- Sang Dhesian Location in Punjab, India Sang Dhesian Sang Dhesian (India)
- Coordinates: 31°07′25″N 75°44′35″E﻿ / ﻿31.12361°N 75.74306°E
- Country: India
- State: Punjab
- District: Jalandhar
- Elevation: 234 m (768 ft)

Population (2007)
- • Total: 2,222
- • Density: 267/km^{2} (690/sq mi)

Languages
- • Official: Punjabi
- Time zone: UTC+5:30 (IST)
- PIN: 144 409
- Telephone code: 91-1826
- Vehicle registration: PB 37
- Sex ratio: 986 ♂/♀
- Literacy: 51%%

= Sang Dhesian =

Sang Dhesian (Dhesian Sang) is a village in Phillaur tahsil of Jalandhar district of Punjab state of India known for Baba Sang ji Gurdwara.

==History==
Sang Dhesian village is named after Baba Sang Ji who was very devoted disciple of Guru Arjun Dev The Fifth Sikh Master.

== Geography ==
Sang Dhesian is located in Punjab. It has an average elevation of 234 metres (768 feet).
Sang Dhesian is 310 km from Delhi and 42 km from Jalandhar. The nearest railway station is 4 km away from Sang Dhesian at Goraya.

==Village==
The population of Sang Dhesian is around 2500. Most of the villagers are engaged in agriculture. The major crops cultivated by farmers are wheat, paddy, potato, maize, sunflower and sugarcane. Sang Dhesian village has education facilities including Guru Nanak Khalsa Girls College Baba Sang Dhesian at Goraya, just outside the village. Every year on 14th of Chet month a cultural mela is held near Gurdwara in the honor of Baba Sang Ji.

== Climate ==
Sang Dhesian village has a humid subtropical climate with hot summers and cool winters. Summers last from April To June, the rain season is from July to October and winter is from November to February. AverageTemperatures in summer vary from around 48 degrees Celsius to around 25 degrees Celsius.
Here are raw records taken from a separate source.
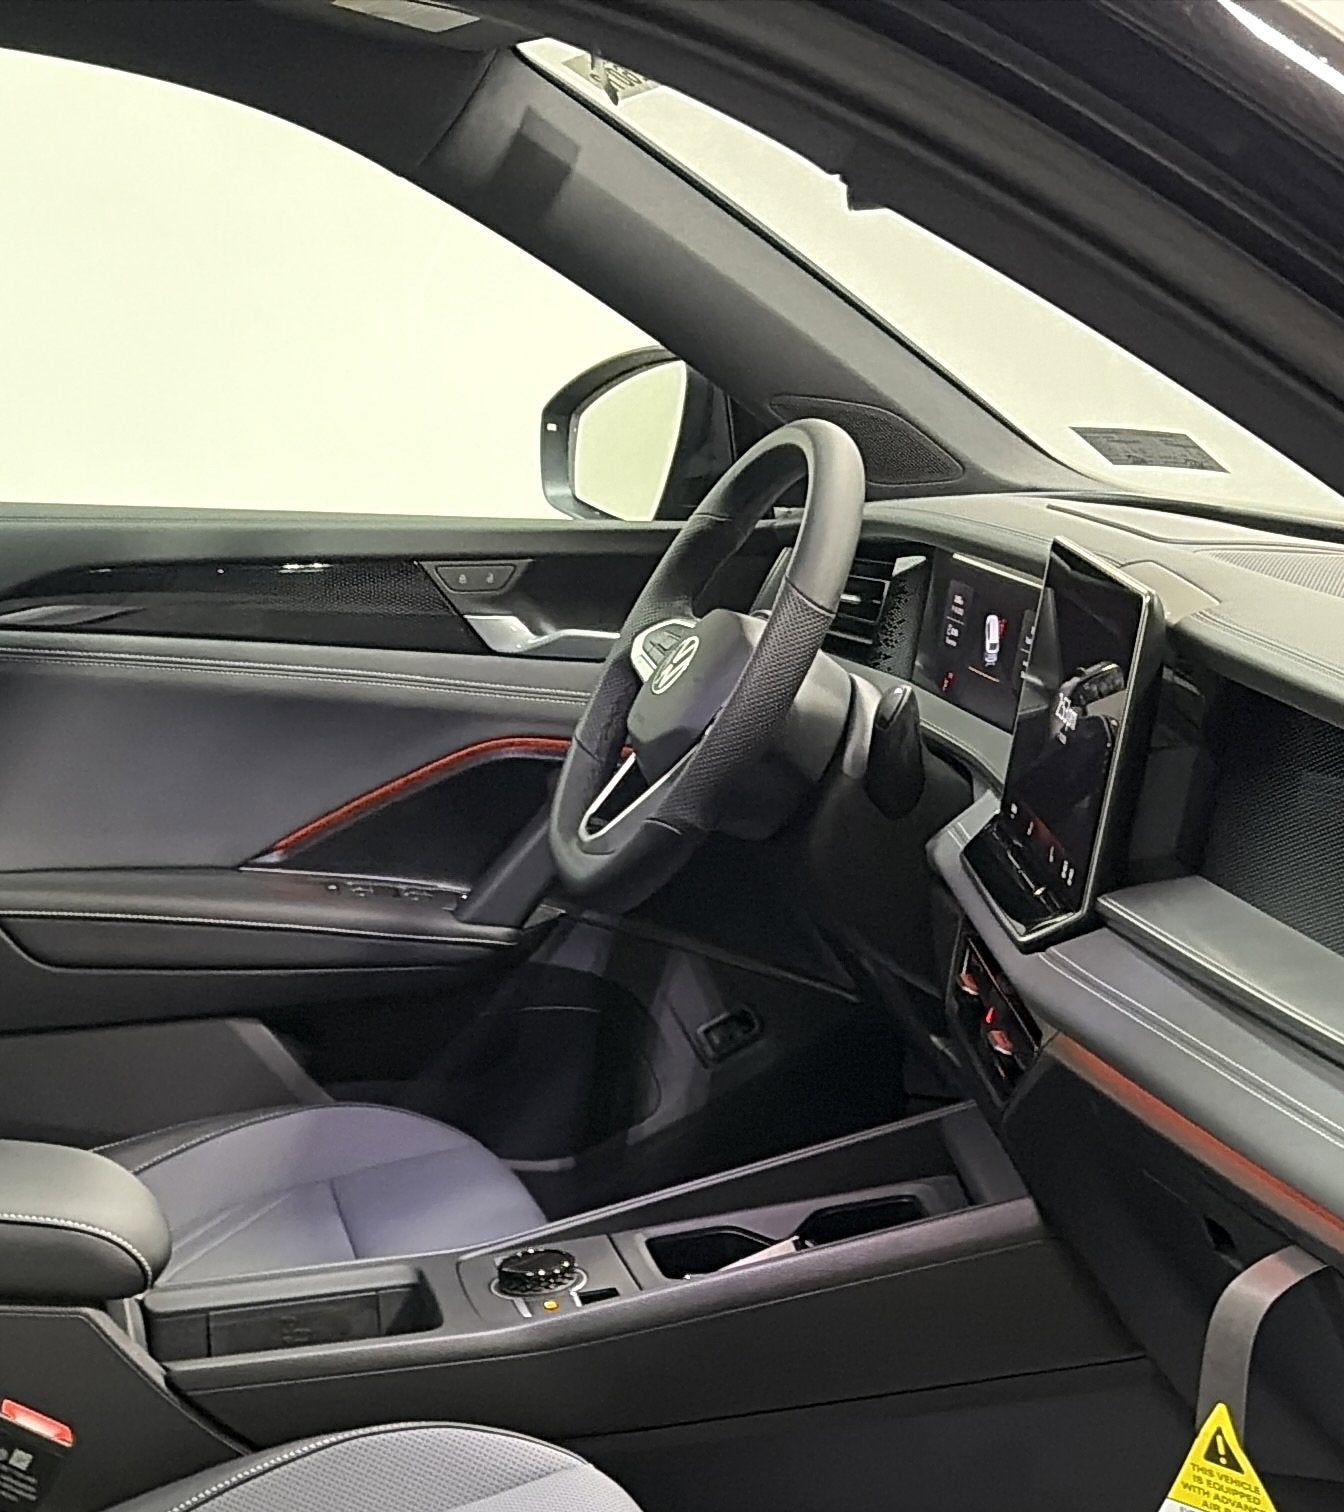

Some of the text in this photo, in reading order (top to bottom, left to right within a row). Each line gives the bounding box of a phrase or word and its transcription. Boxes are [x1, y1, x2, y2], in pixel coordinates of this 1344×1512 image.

[1181, 1481, 1210, 1498] WITH
[1190, 1462, 1261, 1495] THIS VEHICLE
[1193, 1475, 1261, 1506] IS EQUIPPED
[1202, 1500, 1221, 1512] AIR
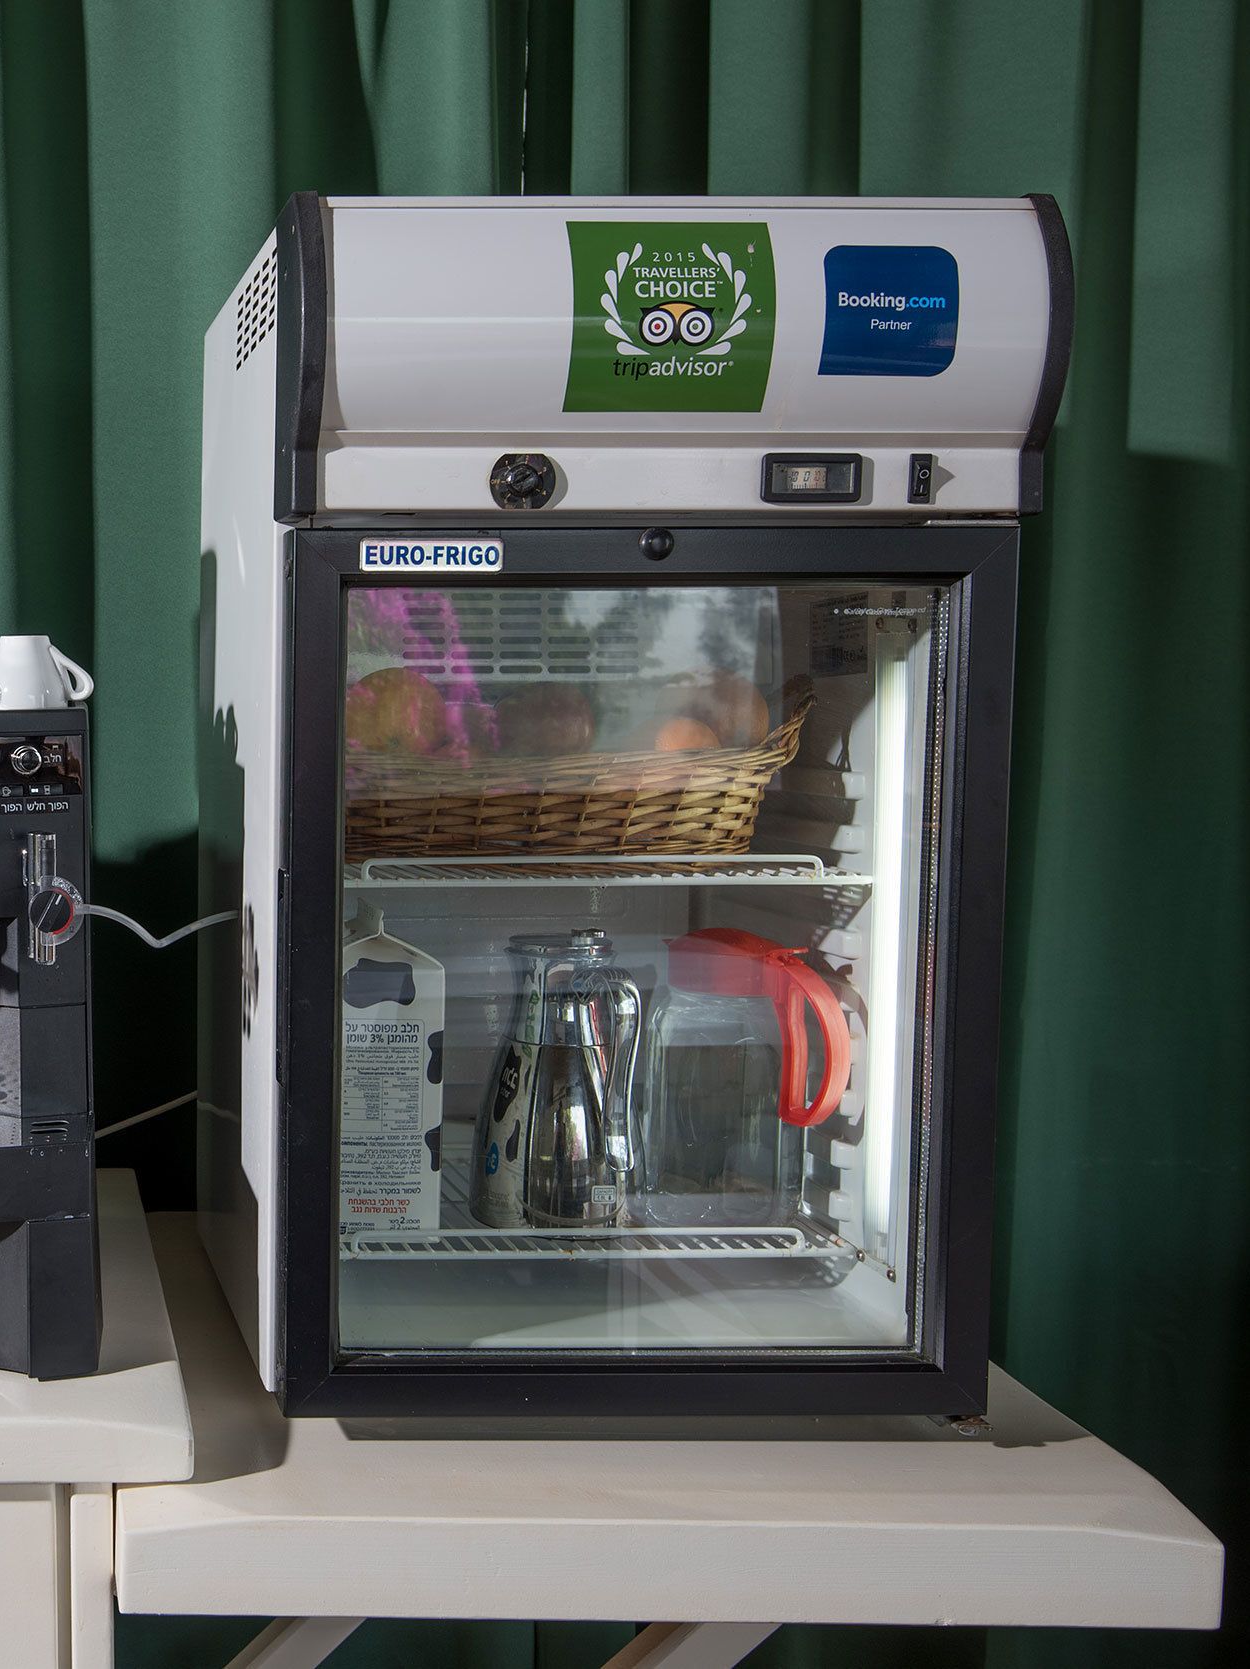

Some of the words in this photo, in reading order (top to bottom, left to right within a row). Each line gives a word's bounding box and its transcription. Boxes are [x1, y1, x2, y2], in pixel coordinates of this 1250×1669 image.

[652, 252, 696, 262] 2015
[838, 291, 946, 311] Booking.com
[870, 318, 912, 331] Partner
[365, 545, 500, 566] EURO-FRIGO
[44, 753, 62, 764] חלב
[1, 803, 22, 813] הפוך
[26, 801, 46, 811] חלש
[48, 801, 69, 812] הפוך
[345, 1021, 358, 1033] על
[360, 1023, 398, 1033] מפוסטר
[401, 1022, 420, 1033] חלב
[346, 1034, 368, 1045] שומן
[370, 1033, 385, 1043] 3%
[378, 1198, 395, 1206] חלבי
[399, 1216, 406, 1224] 2
Average winter temperatures vary from highs of 19 degrees Celsius to lows of -5 degrees Celsius. The climate is on the whole dry except during the brief south-west monsoon season during July–August. The average annual rainfall is around 70 cm.

==Baba Sang Ji Gurdwara==
Sang Dhesian village is known for 'Baba Sang Ji Gurdwara' which is one of the most famous Gurdwara in India. Baba Sang Gurdwara is 125 feet high and 90 feet long. Devotees around the area helped to build Gurdwara. Approximately 25 ounces of gold was donated by devotees to the Gurdwara. The foundation for the Gurdwara was laid by Sardar Resham Singh Dhesi. Baba Sang Ji Gurdwara has been a congregation since 1991. Satellite view of Baba Sang Gurdwara is located in Punjab.

==Sang Dhesian non resident Indians==
Thousands of people from the Jalandhar district have migrated abroad and settled in countries like Canada and the UK. To facilitate financial transactions, the Punjab government opened a NRI Bank branch office at Goraya.